The debut feature from director Taylor Guterson is a rascally comedy about three guys trying to figure out what they want from life. Bob is an inveterate womanizer, while Dave strains against his comfortable but conventional married life. The third, Britt, is a socially awkward slob who enlists the aid of the two others in his quest for romance, or at least sex.

So far this could be the plot of some generic Hollywood "bromance," but "Old Goats" is distinguished by the fact that its 'bros' are all gray-haired retirees, as well as by the fact that it's just about the most charming movie to come down the pike in recent memory.

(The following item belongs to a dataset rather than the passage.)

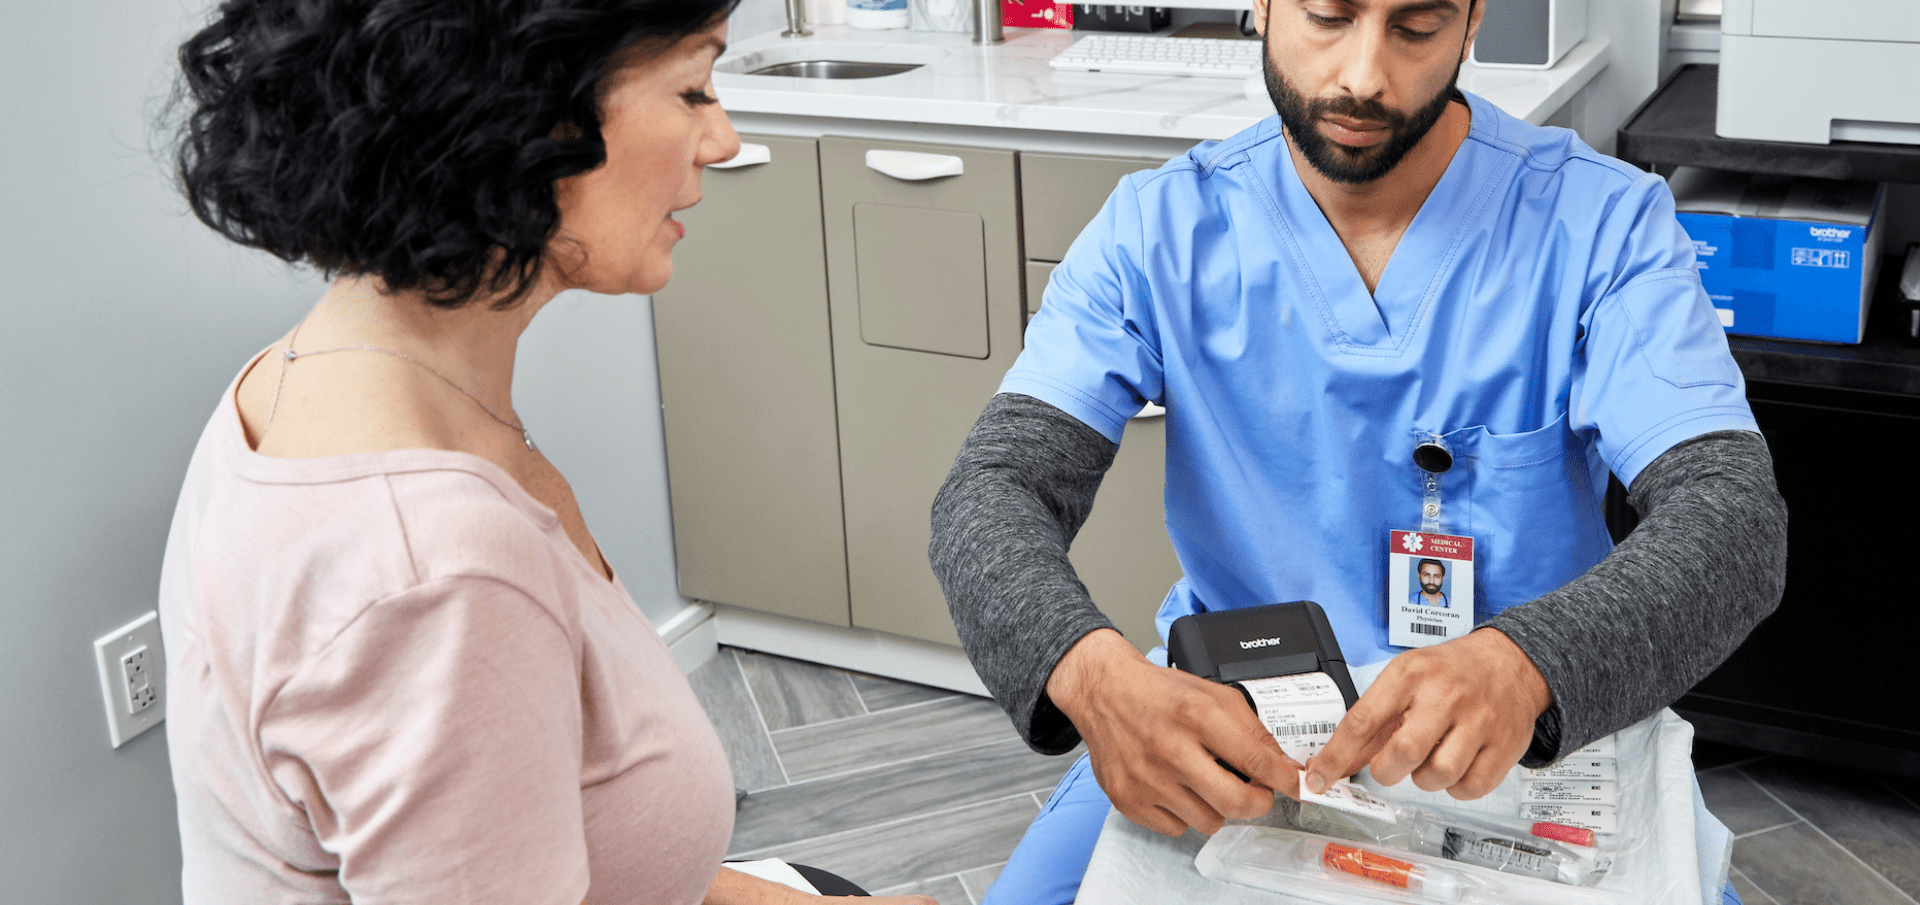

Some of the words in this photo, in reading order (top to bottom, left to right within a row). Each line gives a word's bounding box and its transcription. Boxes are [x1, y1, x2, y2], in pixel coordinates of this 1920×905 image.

Bob Burkholder, Britton Crosley and David Vander Wal play semi-fictionalized versions of themselves, and they do so brilliantly, with dialogue delivery that's both low-key and lived in. When, after 30 years of living alone in the cramped cabin of his barnacle-encrusted boat, Britt cancels at the last minute a planned solo sailing trip across the Pacific, the nonagenarian Lothario Bob is upset, mostly because he was to borrow Britt's truck during the trip. Meanwhile, wealthy Dave tries to postpone his wife's plan to buy a house in Palm Springs so that he can spend a few more weeks hanging out at the gang's Monday-night bull sessions and reading Bob's 600-page memoir of bad behavior.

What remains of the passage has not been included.